あんたに異世界召喚されて俺は勇者として必死に戦った。
だけど魔王を倒しても戦争は終わらなかった。
そしてようやく日本に戻ったと思えば世間様は非難轟々だ。
一年も何処にいただの、家出息子だの、精神異常者だのってな。
のうのうと日常を暮らしていた親やクラスメイトに何が分かる。
戦場がどんなものかも知りもしない平和ボケの連中のくせに。
── 彼らにとって勇者の旅は御伽噺の世界。もう過ぎたことよ ──
あんたにとってはな! 俺はな、こっちじゃただの凡人なんだ。
異世界にはチート能力があった。現実世界の知恵を生かす場があった。
けど……ここには……此処には何もありゃあしないんだっ!
── それでもあなたは救国の英雄よ。弱音を吐いてはダメ ──
あっちじゃ金貨を十枚縦に並べて計算しただけで天才扱いだった。
肉の焼き方もロクに知らない現地民に美味しい焼き方だって教えた。
木箱に座ってメシ喰うと楽なこと、掛け算に割り算、情報の売買もだ。
やれやれキャラで「またオレ何かやっちゃいました?」とかドヤって、
粉塵爆破や熱膨張を披露できて、百万もする装備も自由に使えた。
それが現実世界に戻ってみれば、万屋のバイトにもなれないんだ。
惨めすぎる……こんなことってあるのかよ……畜生っ……クソッタレ……
友情・チート・勝利はどこにいっちまったんだ……
異世界には戦友がいっぱいいた。好敵手も大勢いたよ。
戦場には頼れるパーティーが、ヒロインが、冒険仲間がいてくれた……
けど、ここには誰もいやしない。
ダン・ダダーンのやつをおぼえているか?
あいつとはウマがあって、よく一緒にバカをやったよ。
カジノで共にスッテンテンになったり、荒野で一緒に馬を走らせたりさ。
あいつはいつも魔王退治が終わったら……って自分の夢を語ってた。
この旅が終わったら故郷に帰って幼馴染と結婚して店を開くんだって。
あの日、魔王城に突入したとき、番人キマイラアントが立ち塞がった。
蟻の要素はどこよ?っていう幻獣級のハイランクモンスターだ。
自分がやるって前に出ると、『おれが出る』ってダンが割り込んできた。
そして俺たちがアイツに敵を任せて魔王の玉座へ向かおうとしたときだ。
キマイラアントを前に足止めが精一杯だったアイツは──
ヤツの吐く四千度の閃光を凌駕する切り札の自爆魔法を使って。
ダンの雄叫びと敵の断末魔が自爆魔法の爆発音と一緒になって……
アイツと敵の手足がバラバラになって吹き飛んで、もうメチャクチャだ。
回廊に肉片が飛び散って、出来の悪いジグゾーバズルみたいだったよ。
俺は駆け寄って瀕死になったアイツを何とかしようとした。
……どうにもならなかったよ。
死ぬ間際にあいつは謝ってたよ。
残った俺たちに、故郷に置いてきた恋人に。
俺は千切れ飛んだアイツの恋人の肖像画が入ったペンダントを捜したんだ。
でも見つからない。
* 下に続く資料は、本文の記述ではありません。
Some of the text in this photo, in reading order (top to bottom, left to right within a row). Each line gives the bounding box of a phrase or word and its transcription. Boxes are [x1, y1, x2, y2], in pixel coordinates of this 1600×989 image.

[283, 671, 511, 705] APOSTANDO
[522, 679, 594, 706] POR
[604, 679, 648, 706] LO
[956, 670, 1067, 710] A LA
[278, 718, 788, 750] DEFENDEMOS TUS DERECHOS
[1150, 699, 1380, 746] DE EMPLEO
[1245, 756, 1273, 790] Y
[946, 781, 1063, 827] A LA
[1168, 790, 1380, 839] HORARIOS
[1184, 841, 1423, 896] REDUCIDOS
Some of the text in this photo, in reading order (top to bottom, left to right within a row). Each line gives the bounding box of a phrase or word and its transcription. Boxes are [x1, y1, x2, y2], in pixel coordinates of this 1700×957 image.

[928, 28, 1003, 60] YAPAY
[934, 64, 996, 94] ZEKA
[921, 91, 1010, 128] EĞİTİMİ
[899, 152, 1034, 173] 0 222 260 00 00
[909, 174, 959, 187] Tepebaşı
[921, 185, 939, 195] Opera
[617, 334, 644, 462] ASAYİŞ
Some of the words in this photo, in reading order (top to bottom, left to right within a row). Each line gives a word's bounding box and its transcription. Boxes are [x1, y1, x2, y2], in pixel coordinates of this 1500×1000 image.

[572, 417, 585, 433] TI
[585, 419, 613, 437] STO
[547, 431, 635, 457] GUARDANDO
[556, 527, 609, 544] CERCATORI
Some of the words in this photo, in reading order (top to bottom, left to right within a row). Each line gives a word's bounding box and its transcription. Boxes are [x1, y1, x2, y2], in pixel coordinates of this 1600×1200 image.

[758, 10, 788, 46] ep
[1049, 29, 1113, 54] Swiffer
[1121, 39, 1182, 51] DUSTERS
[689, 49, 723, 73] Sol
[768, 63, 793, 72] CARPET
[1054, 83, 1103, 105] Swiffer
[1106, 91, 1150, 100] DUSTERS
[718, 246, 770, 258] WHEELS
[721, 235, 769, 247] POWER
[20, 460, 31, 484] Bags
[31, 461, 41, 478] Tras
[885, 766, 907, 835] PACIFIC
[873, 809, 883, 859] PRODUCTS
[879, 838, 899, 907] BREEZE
いまでも遺品を恋人に渡せなかったことを悔いてるよ。
七ヶ月が経過した今でも決戦の日のことが脳内でフラッシュバックする。
悪夢から目を覚ますと、自分がどっちの世界の人間なのか分からなくなる。
そんなのが丸一日、一週間も続くんだ。過去になんか置いていけるかよ……
○○○○○○
帰還後に孤独を強いられた元勇者に幸福への道のりは遥か遠く──
命懸けで辿り付いたはずの故郷で、彼の夢は無惨に打ち砕かれる。
社会は元勇者の彼を拒み──
安息の場など何処にも無く、絶望だらけの四面楚歌。
一歩でも外に出れば魔王よりも強大な現実との戦いが待ち受ける……
「悲しいお話だね」
僕はパタンと本を閉じ、なんともいえない気分に溜息をついた。
「なに読んでるのよマウス。まさかウ=ス異本とかじゃないわよね?」
「違う違う。最近ちまたで流行ってる小説だよ。貸本屋で借りてきた」
ジロリとサラがこっちを睨むが、さすがに北方では焚書ものの禁制品扱いになっている春画を堂々と車内で広げる勇気は僕にはない。
これまで沢山の軍記や冒険譚を読んできた自分だけど、最近は『らいとのべる』なる気楽に読める冒険活劇を記した娯楽小説がマイブーム。
「ああ、『南総里見八犬伝』とか『源氏物語』とかそういう」
「いいよねー、異邦人が持ち込んだ架空戦記ってロマンがあってさー。サラも気が向いたら軍記ものの『三国志演義』とか、冒険譚の『西遊記』を読んでみるといいよ。読書好きのサラなら絶対にハマるから」
「そのテの異世界ファンタジーって読んでて面白い? わたしは素直にノンフィクション小説のほうが好きだな。やっぱり軍記物語なら大陸統一期の『聖王戦記』、冒険譚なら異邦人ノブナーガがオトモの三人を連れて大陸各地を巡った『信長行記』ね」
「いかにも真面目な魔法使いの読む文芸作品だなぁ」
「趣味は人それぞれよ。べつに戯作文芸を否定する気はないし。わたしからすればアンタが普通に娯楽小説を読んでること自体に驚いてる。『カワグチヒロシ探検記シリーズ』みたいなインチキ本ばかり読んでるイメージだったから」
「あれはバイブルだから別腹。『らいとのべる』とはまた違う」
戯作文芸は素晴らしい。
こういう馬車移動中の余暇に読むといい暇つぶしになる。
ガタガタと揺れる馬車内はどうしてもテーブルゲームと相性が悪い。
まぁ、読書は読書で油断してると車酔いするけど。
特にお気に入りなのがエストリアっていう女冒険者が書いた作品で、今読んでいるのが最新作の《~先制の一撃~》という短編小説。
異世界から召喚された勇者《乱暴》が魔王を倒して元の世界に帰還するも、むこうの世界で手に入れた救世主の力のほとんどを失ってしまい、ただのいじめられっこの学生に戻ってしまうというなかなかキツイ物語で、長いこと元の世界で行方不明だった彼を取り巻く残酷な環境と、現実の厳しさに苦悩する主人公の前に現れた彼を召喚した異世界の女神との確執がまた重い。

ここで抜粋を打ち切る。